WHAT IS BEING ASKED —
The reply should reproduce every line of the data below word for word, minus any images.

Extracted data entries
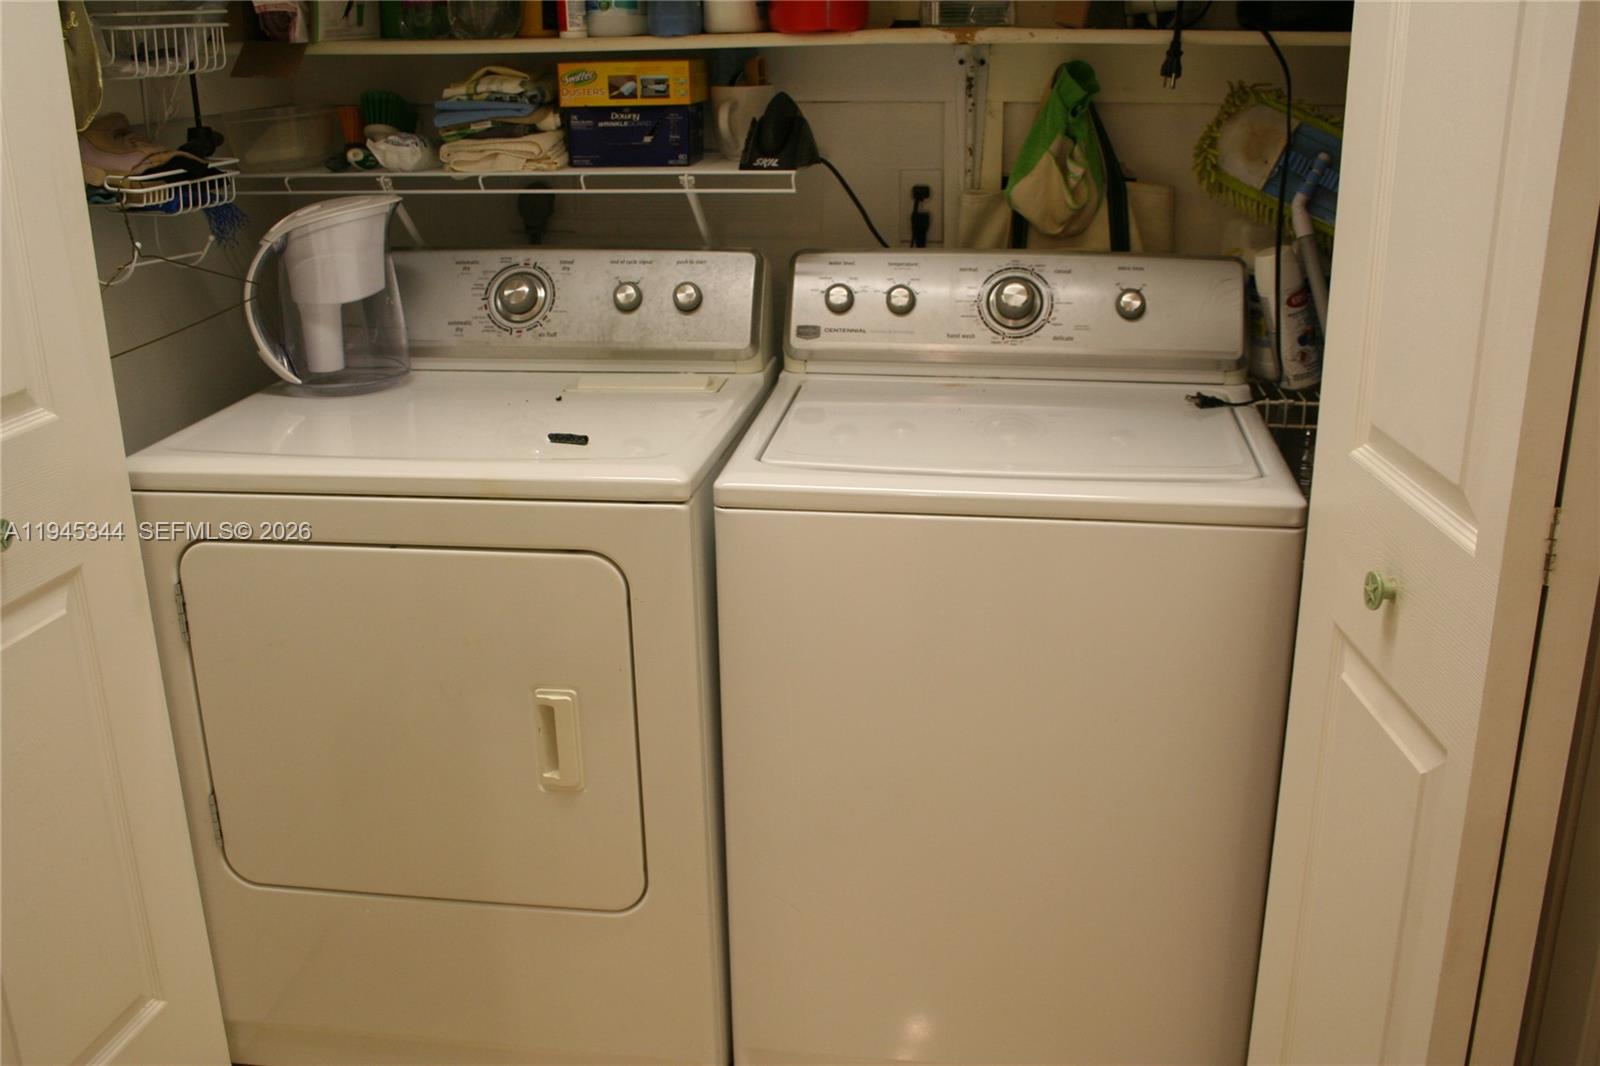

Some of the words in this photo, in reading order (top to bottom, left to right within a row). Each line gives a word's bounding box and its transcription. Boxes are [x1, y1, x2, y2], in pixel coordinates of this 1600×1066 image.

[562, 88, 606, 97] DUSTERS
[610, 112, 641, 121] Downy
[752, 157, 780, 168] SKIL
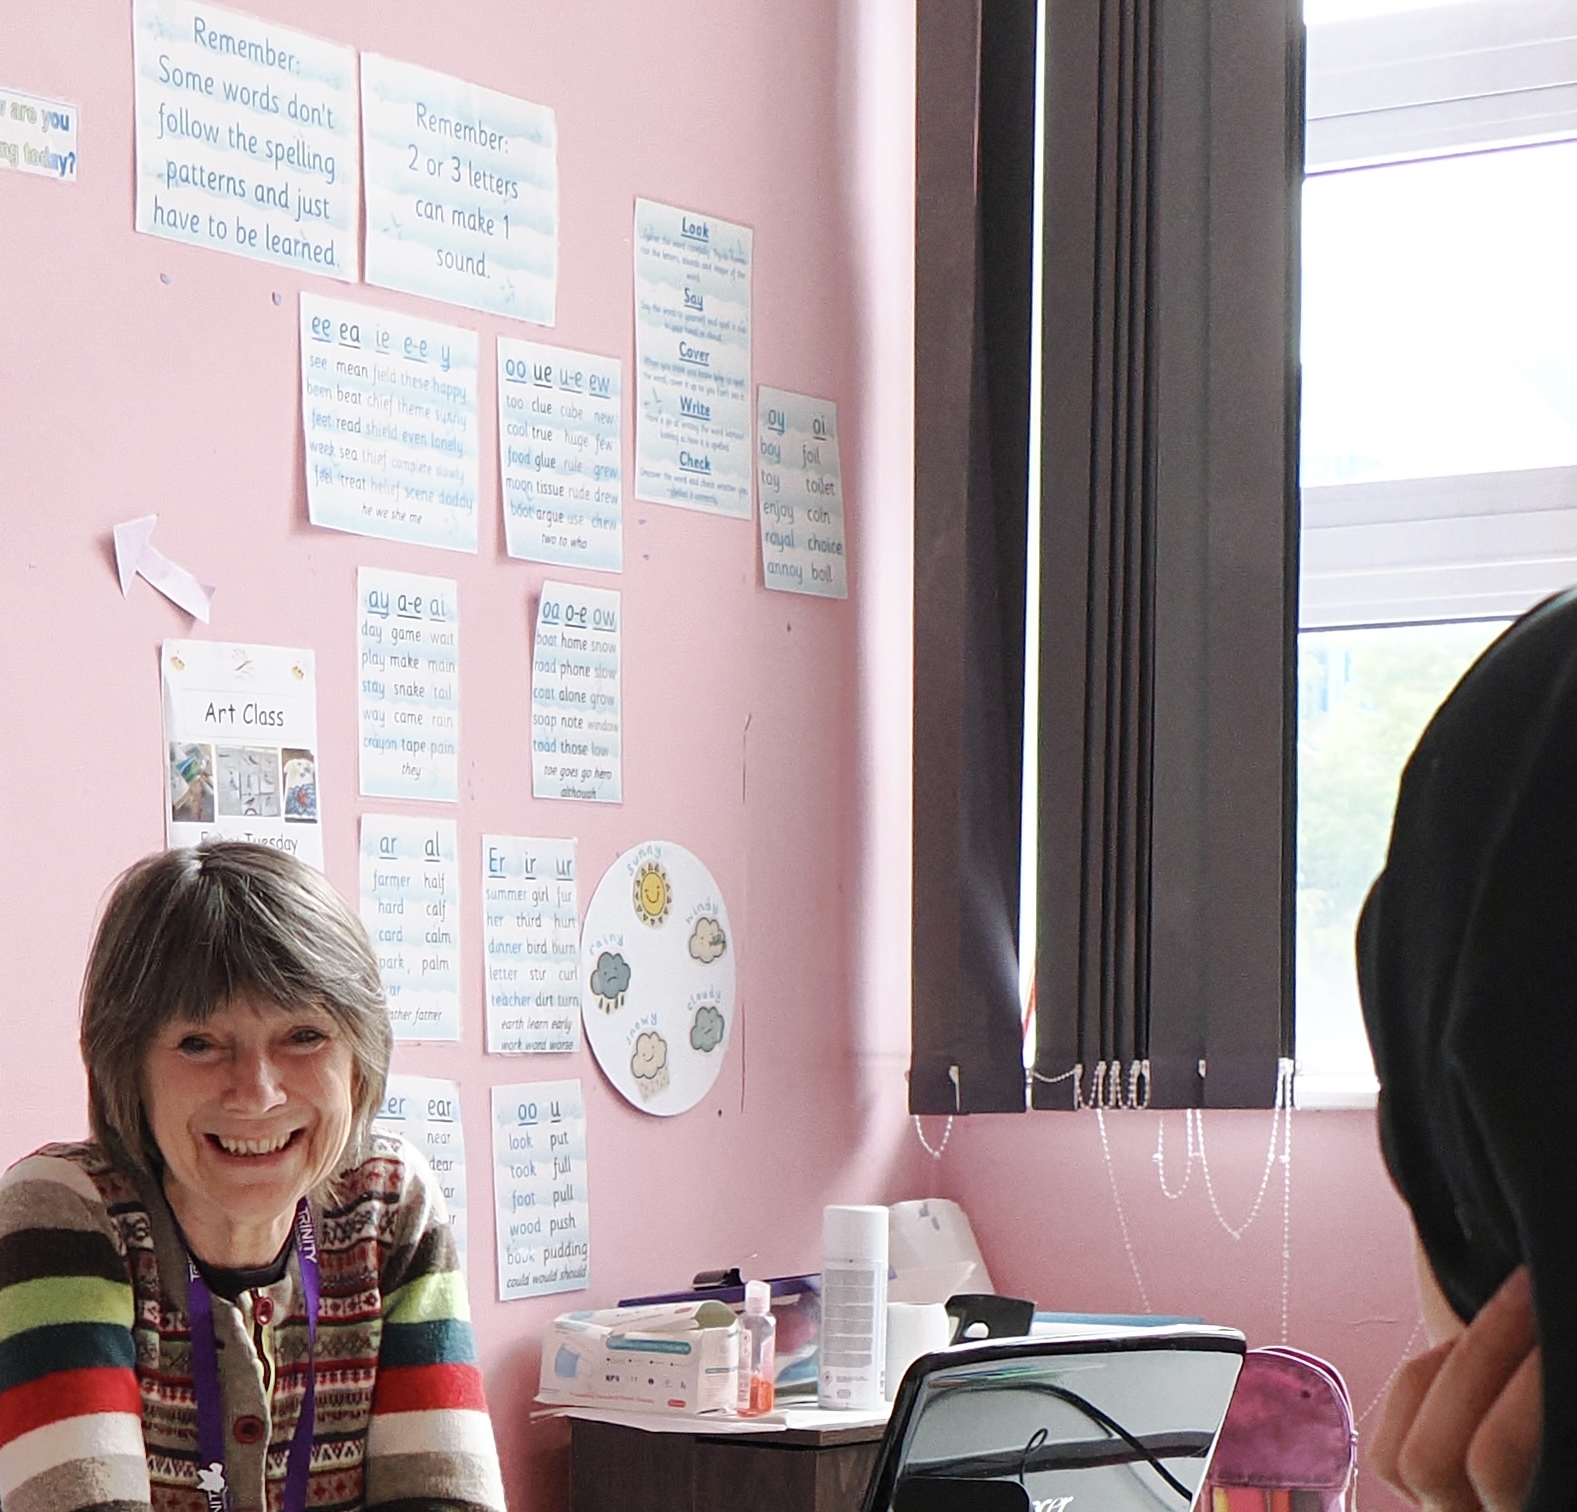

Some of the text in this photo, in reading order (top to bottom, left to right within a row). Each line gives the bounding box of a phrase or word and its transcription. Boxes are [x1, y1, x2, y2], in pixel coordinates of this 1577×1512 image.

[194, 16, 300, 75] Remember:
[158, 55, 334, 129] Some words don't
[10, 102, 37, 124] are
[41, 110, 70, 133] you
[416, 102, 509, 154] Remember:
[157, 102, 336, 184] follow the spelling
[23, 142, 76, 177] today?
[407, 144, 518, 200] 2 or 3 letters
[166, 159, 329, 222] patterns and just
[416, 199, 510, 240] can make 1
[682, 216, 709, 238] Look
[154, 196, 341, 269] have to be learned.
[436, 249, 491, 279] sound.
[684, 288, 703, 311] Say
[312, 316, 450, 371] ee ea ie e-e y
[679, 340, 710, 364] Cover
[336, 360, 466, 404] mean field these happy
[506, 359, 611, 394] oo ue u-e ew
[337, 385, 362, 405] beat
[680, 395, 710, 417] Write
[532, 396, 583, 420] clue cube
[768, 410, 785, 436] oy
[813, 416, 826, 435] oi
[336, 416, 464, 458] read shield lonely
[532, 426, 589, 448] true huge
[679, 450, 711, 472] Check
[760, 436, 821, 469] boy foil
[535, 450, 618, 481] glue grew
[340, 470, 366, 489] treat
[806, 478, 835, 496] toilet
[536, 479, 618, 505] tissue drew
[536, 509, 564, 528] argue
[764, 502, 831, 524] enjoy coin
[765, 529, 843, 556] royal choice
[767, 561, 832, 585] annoy boil
[368, 590, 446, 619] ay a-e ai
[543, 602, 616, 627] oa o-e ow
[361, 619, 454, 646] day game wait
[561, 632, 588, 651] home
[362, 650, 419, 672] play make
[560, 660, 590, 680] phone
[362, 680, 425, 700] stay snake
[559, 689, 586, 704] alone
[205, 702, 284, 727] Art Class
[394, 711, 423, 725] came
[561, 716, 583, 729] note
[401, 738, 426, 758] tape
[402, 763, 422, 781] they
[380, 831, 440, 857] ar al
[489, 848, 506, 873] Er
[556, 857, 572, 876] ur
[626, 845, 662, 877] sunny
[373, 869, 445, 895] farmer half
[532, 887, 550, 907] girl
[378, 899, 447, 922] hard calf
[517, 913, 542, 928] third
[686, 897, 719, 925] windy
[379, 926, 451, 944] card calm
[488, 938, 547, 954] dinner bird
[589, 933, 625, 956] rainy
[379, 953, 449, 976] park palm
[535, 993, 553, 1007] dirt
[686, 985, 722, 1011] cloudy
[626, 1011, 659, 1046] snowy
[427, 1099, 451, 1117] ear
[518, 1100, 560, 1120] oo u
[427, 1132, 450, 1144] near
[509, 1132, 569, 1150] look put
[511, 1158, 571, 1180] took full
[512, 1184, 573, 1214] foot pull
[297, 1208, 319, 1264] TRINITY
[510, 1213, 576, 1236] wood push
[544, 1242, 587, 1266] pudding
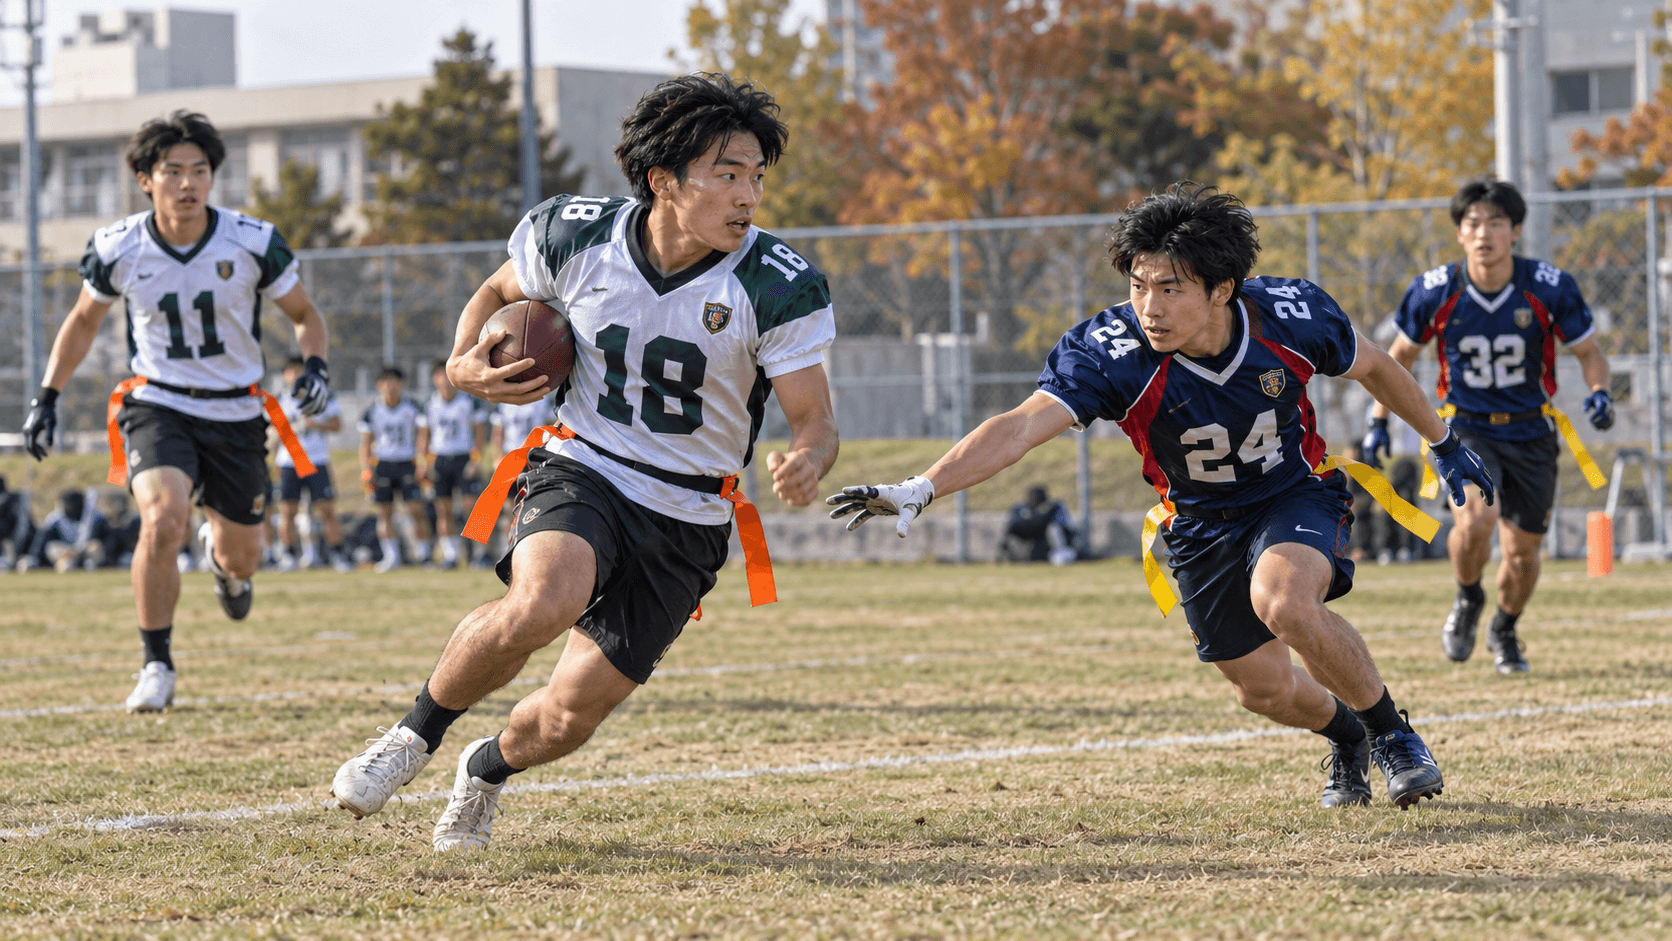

RESPONSE TO THE TASK —
Some of the words in this photo, in reading order (top to bottom, left to right within a row). Each line gives a word's bounding box and its transcription. Boxes are [x1, y1, x2, y2], in pixel coordinates of this 1600×1066 image.

[562, 88, 606, 97] DUSTERS
[610, 112, 641, 121] Downy
[752, 157, 780, 168] SKIL

Some of the text in this photo, in reading order (top to bottom, left to right within a row). Each line gives the bounding box of a phrase or word and its transcription. Boxes are [x1, y1, x2, y2], in pixel coordinates of this 1577×1512 image.

[194, 16, 300, 75] Remember:
[158, 55, 334, 129] Some words don't
[10, 102, 37, 124] are
[41, 110, 70, 133] you
[416, 102, 509, 154] Remember:
[157, 102, 336, 184] follow the spelling
[23, 142, 76, 177] today?
[407, 144, 518, 200] 2 or 3 letters
[166, 159, 329, 222] patterns and just
[416, 199, 510, 240] can make 1
[682, 216, 709, 238] Look
[154, 196, 341, 269] have to be learned.
[436, 249, 491, 279] sound.
[684, 288, 703, 311] Say
[312, 316, 450, 371] ee ea ie e-e y
[679, 340, 710, 364] Cover
[336, 360, 466, 404] mean field these happy
[506, 359, 611, 394] oo ue u-e ew
[337, 385, 362, 405] beat
[680, 395, 710, 417] Write
[532, 396, 583, 420] clue cube
[768, 410, 785, 436] oy
[813, 416, 826, 435] oi
[336, 416, 464, 458] read shield lonely
[532, 426, 589, 448] true huge
[679, 450, 711, 472] Check
[760, 436, 821, 469] boy foil
[535, 450, 618, 481] glue grew
[340, 470, 366, 489] treat
[806, 478, 835, 496] toilet
[536, 479, 618, 505] tissue drew
[536, 509, 564, 528] argue
[764, 502, 831, 524] enjoy coin
[765, 529, 843, 556] royal choice
[767, 561, 832, 585] annoy boil
[368, 590, 446, 619] ay a-e ai
[543, 602, 616, 627] oa o-e ow
[361, 619, 454, 646] day game wait
[561, 632, 588, 651] home
[362, 650, 419, 672] play make
[560, 660, 590, 680] phone
[362, 680, 425, 700] stay snake
[559, 689, 586, 704] alone
[205, 702, 284, 727] Art Class
[394, 711, 423, 725] came
[561, 716, 583, 729] note
[401, 738, 426, 758] tape
[402, 763, 422, 781] they
[380, 831, 440, 857] ar al
[489, 848, 506, 873] Er
[556, 857, 572, 876] ur
[626, 845, 662, 877] sunny
[373, 869, 445, 895] farmer half
[532, 887, 550, 907] girl
[378, 899, 447, 922] hard calf
[517, 913, 542, 928] third
[686, 897, 719, 925] windy
[379, 926, 451, 944] card calm
[488, 938, 547, 954] dinner bird
[589, 933, 625, 956] rainy
[379, 953, 449, 976] park palm
[535, 993, 553, 1007] dirt
[686, 985, 722, 1011] cloudy
[626, 1011, 659, 1046] snowy
[427, 1099, 451, 1117] ear
[518, 1100, 560, 1120] oo u
[427, 1132, 450, 1144] near
[509, 1132, 569, 1150] look put
[511, 1158, 571, 1180] took full
[512, 1184, 573, 1214] foot pull
[297, 1208, 319, 1264] TRINITY
[510, 1213, 576, 1236] wood push
[544, 1242, 587, 1266] pudding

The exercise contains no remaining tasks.